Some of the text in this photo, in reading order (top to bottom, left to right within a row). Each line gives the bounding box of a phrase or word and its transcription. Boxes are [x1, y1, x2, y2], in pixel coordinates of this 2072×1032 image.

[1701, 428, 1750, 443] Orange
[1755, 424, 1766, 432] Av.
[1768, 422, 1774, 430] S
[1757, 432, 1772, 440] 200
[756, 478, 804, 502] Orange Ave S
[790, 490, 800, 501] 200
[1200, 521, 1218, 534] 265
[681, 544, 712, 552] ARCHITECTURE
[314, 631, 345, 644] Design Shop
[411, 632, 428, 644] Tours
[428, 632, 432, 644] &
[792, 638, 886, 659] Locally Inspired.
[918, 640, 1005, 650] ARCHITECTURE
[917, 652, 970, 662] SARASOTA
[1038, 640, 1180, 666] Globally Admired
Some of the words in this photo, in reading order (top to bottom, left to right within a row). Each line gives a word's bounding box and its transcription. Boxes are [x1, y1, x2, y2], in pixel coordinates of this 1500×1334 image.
┄┄┄┄┄┄┄┄┄┄
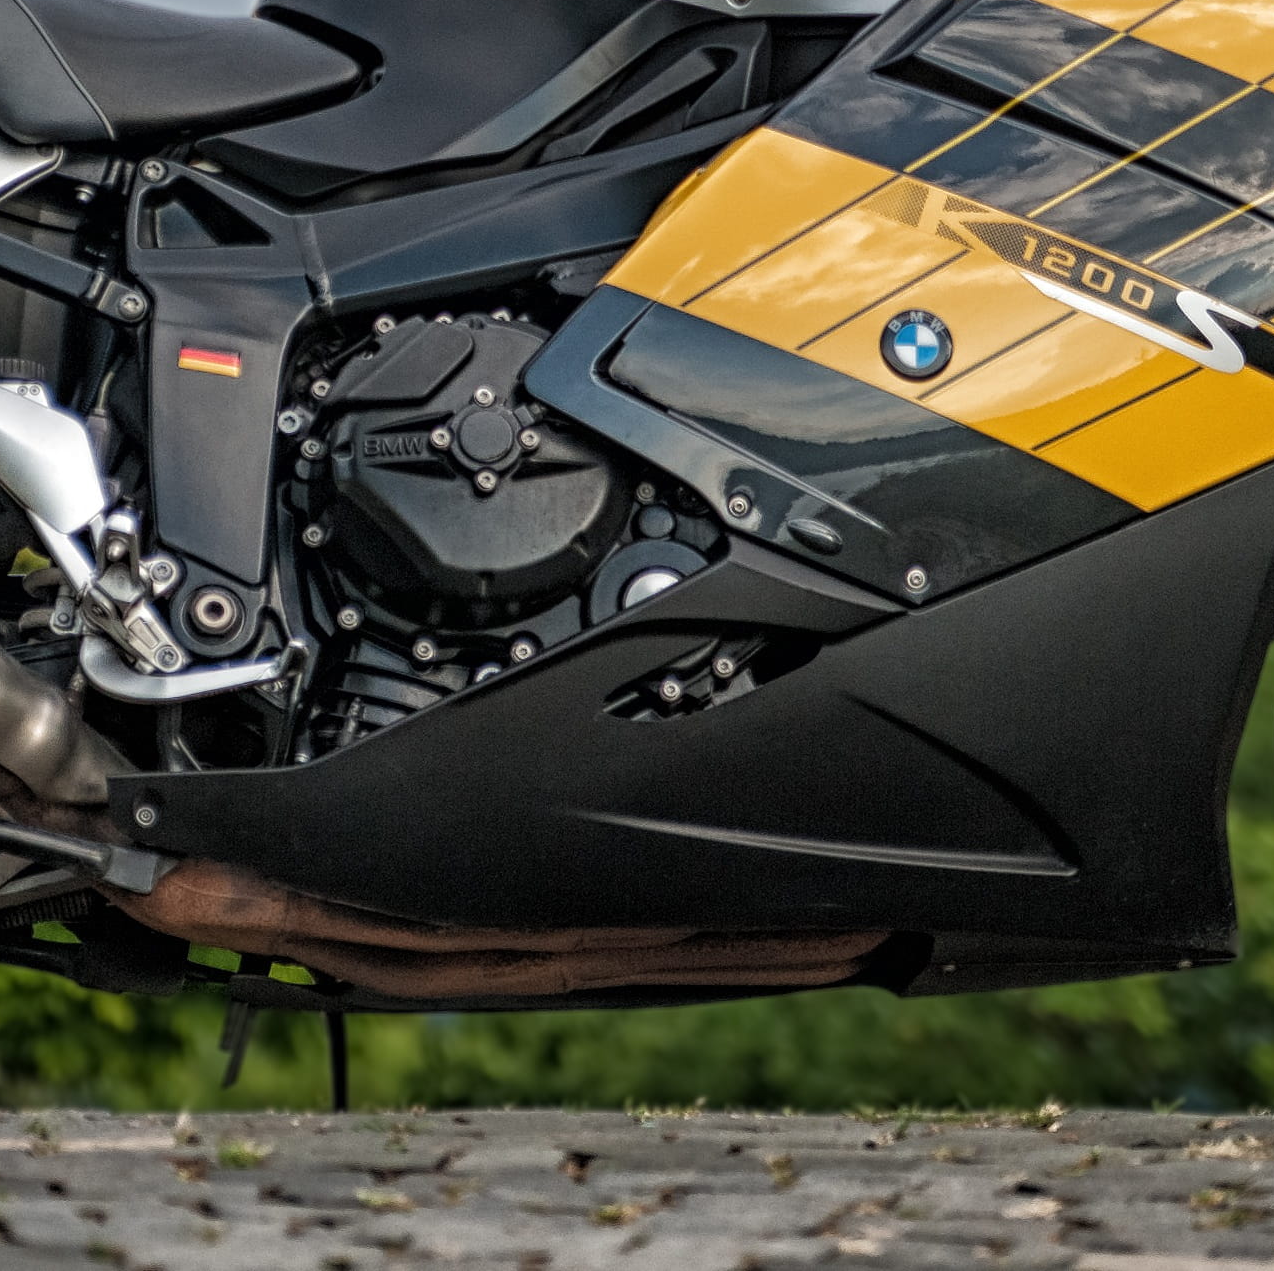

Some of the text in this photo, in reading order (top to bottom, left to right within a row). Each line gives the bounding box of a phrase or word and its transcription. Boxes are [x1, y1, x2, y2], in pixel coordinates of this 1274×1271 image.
┄┄┄┄┄┄┄┄┄┄
● What you should do
Your task is to retype the entries verbatim, starting with the line that holds "this 2072×1032 image." and stopping after the line that holds "Some of the words".

● Response to this task
Some of the text in this photo, in reading order (top to bottom, left to right within a row). Each line gives the bounding box of a phrase or word and its transcription. Boxes are [x1, y1, x2, y2], in pixel coordinates of this 2072×1032 image.

[1701, 428, 1750, 443] Orange
[1755, 424, 1766, 432] Av.
[1768, 422, 1774, 430] S
[1757, 432, 1772, 440] 200
[756, 478, 804, 502] Orange Ave S
[790, 490, 800, 501] 200
[1200, 521, 1218, 534] 265
[681, 544, 712, 552] ARCHITECTURE
[314, 631, 345, 644] Design Shop
[411, 632, 428, 644] Tours
[428, 632, 432, 644] &
[792, 638, 886, 659] Locally Inspired.
[918, 640, 1005, 650] ARCHITECTURE
[917, 652, 970, 662] SARASOTA
[1038, 640, 1180, 666] Globally Admired
Some of the words in this photo, in reading order (top to bottom, left to right within a row). Each line gives a word's bounding box and its transcription. Boxes are [x1, y1, x2, y2], in pixel coordinates of this 1500×1334 image.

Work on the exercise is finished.